Mattel has had a successful run of Barbie games over the years, but the height of excitement for the pixelated beauty queen really occurred in the late ’90s and early ’00s. The Barbie Detective series of games was not just games for boys wrapped in a pink bow, it was a real experience just for girl gamers. And some of those games were hard. Now there are a lot of simple, and superficial, Barbie flash games available.

In 1997 Time Magazine called the girls’ game movement a drive for a “rom of their own.” That’s a major publication taking note of young girls in the game industry, young girls as gamers, and taking it somewhat seriously. Or, at the least, seeing the importance of making games accessible to girls. There was, and perhaps still is to an extent, a belief that letting children play video games would make them better at technology. PC games may eventually lead to engineer careers, software development, at the very least being computer savvy enough to get a job in the changing economy. So, if that was the belief, it was paramount that girls be involved. All jobs would eventually be computer jobs, and how else would girls learn those skills? In my elementary school, “computer class” was playing educational games.

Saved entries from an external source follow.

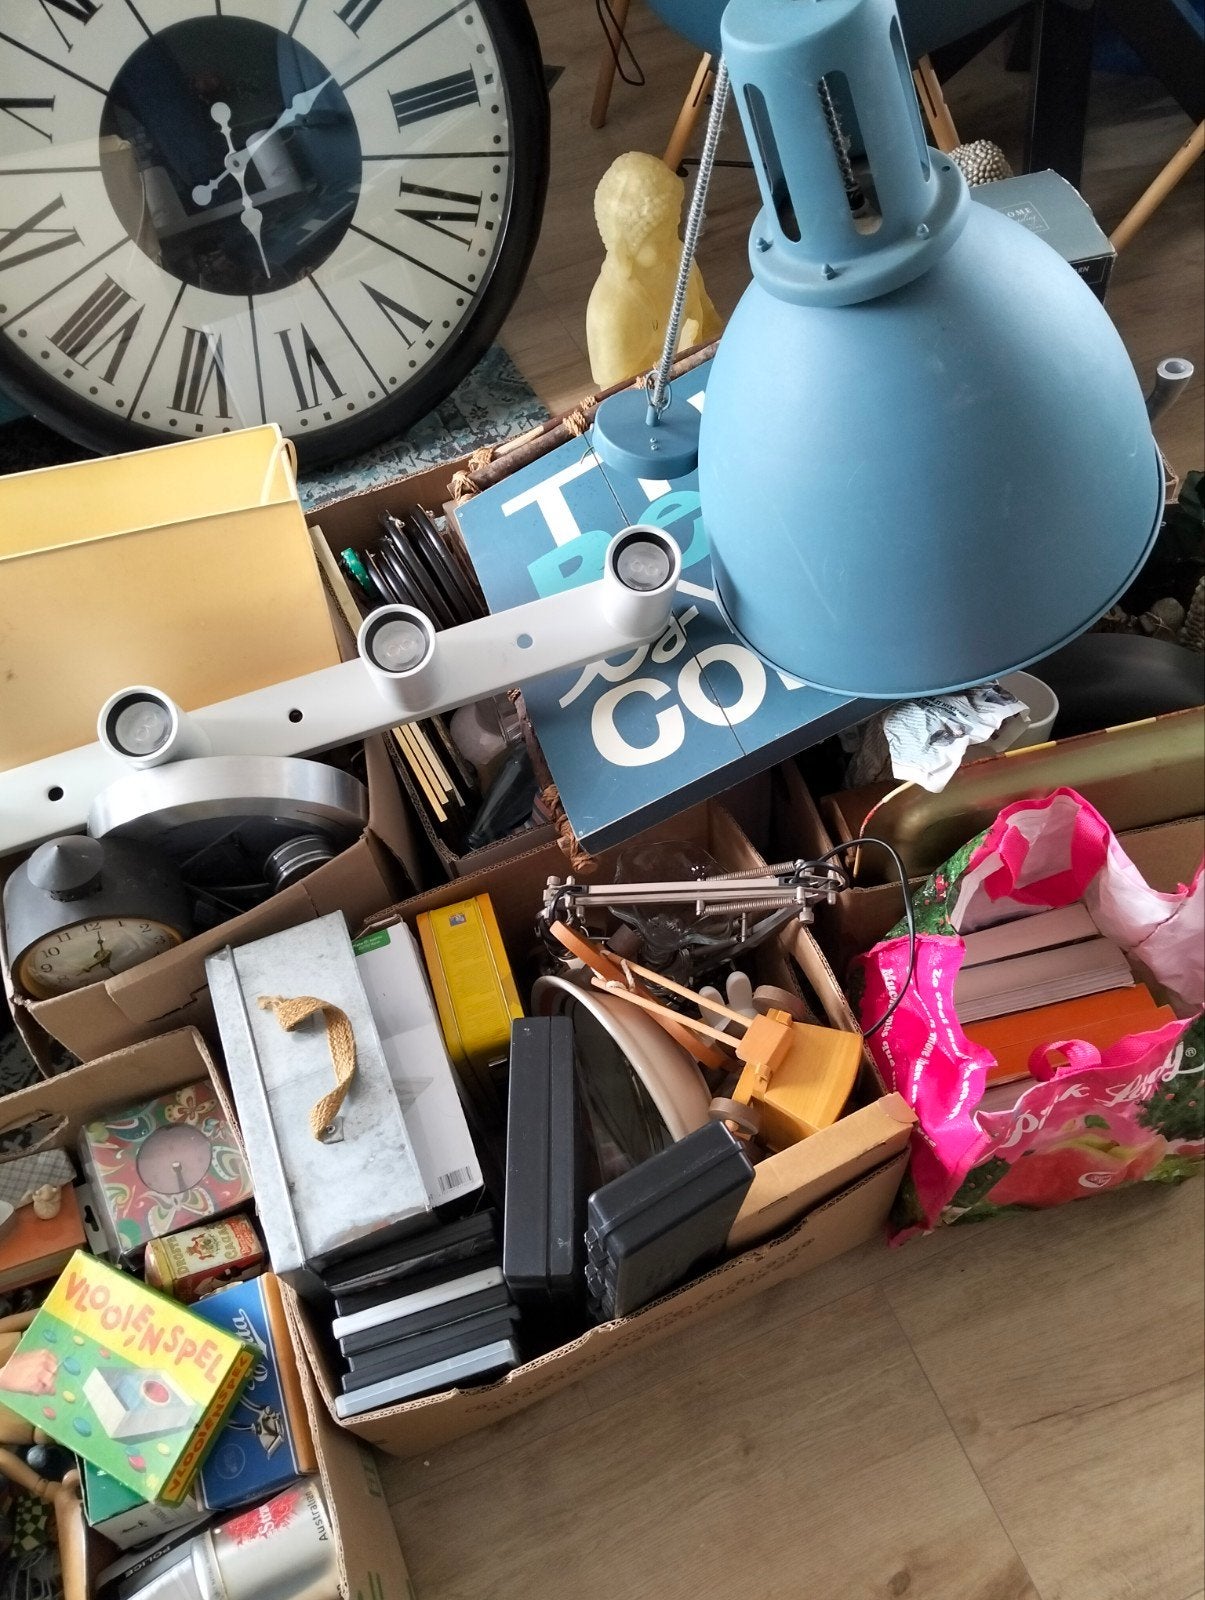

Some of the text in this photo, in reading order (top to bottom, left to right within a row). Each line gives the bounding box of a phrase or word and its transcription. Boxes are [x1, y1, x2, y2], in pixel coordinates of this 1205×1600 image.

[1007, 207, 1033, 218] OME
[83, 921, 101, 933] 12
[139, 924, 151, 933] 2
[56, 932, 72, 943] 11
[42, 946, 60, 959] 10
[41, 963, 53, 973] 9
[65, 1272, 224, 1383] VLOOIENSPEL
[168, 1356, 248, 1493] VLOOIENSPEL
[304, 1490, 329, 1542] Australian
[124, 1545, 171, 1579] POLICE
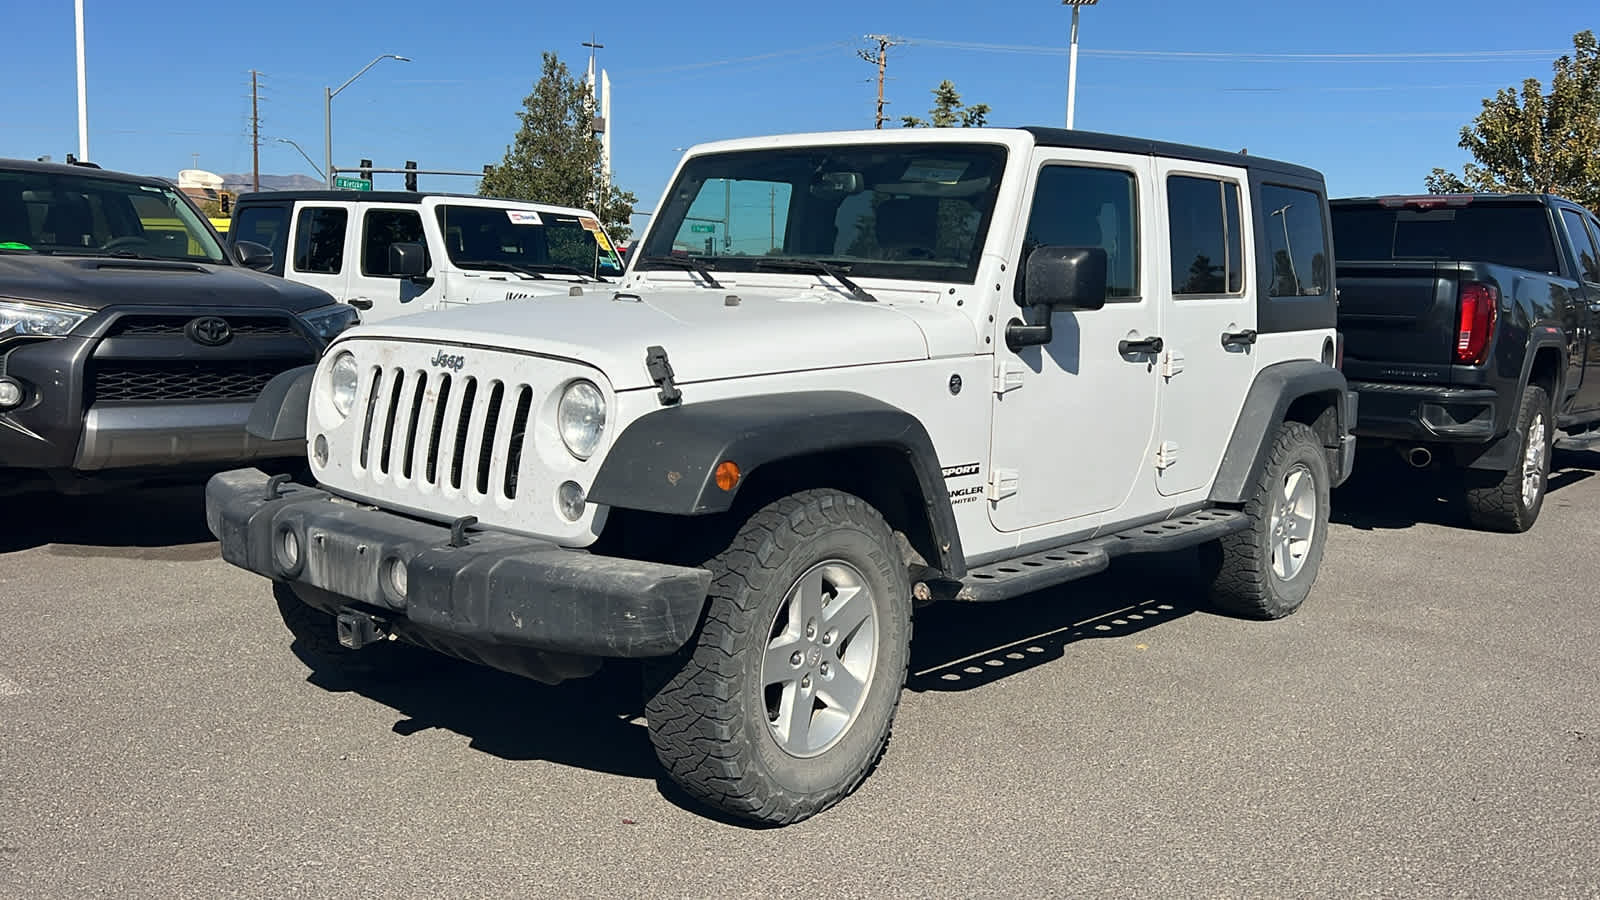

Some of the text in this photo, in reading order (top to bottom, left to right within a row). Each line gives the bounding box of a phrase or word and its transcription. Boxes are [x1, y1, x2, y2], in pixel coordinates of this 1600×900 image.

Purple Moon is the name most women who were girl gamers in the ’90s know. Founded by Brenda Laurel and others in 1997, this developer was supported by Interval Research. According to Kotaku, “Purple Moon amounted to six years and $40 million dollars spent on research where thousands of kids were interviewed, and eight games were produced.” (Though I have counted ten games, not eight.) Actual research! About what young women wanted! However, there are some video game historians/theorists who have suggested that this was flawed. It was obvious that what developers thought girls should want were games that weren’t violent, were colorful, and focused on relationships and puzzle-solving. So, that’s what these girls told the researchers, what the investigators wanted to hear, rather than what the girls necessarily wanted to play.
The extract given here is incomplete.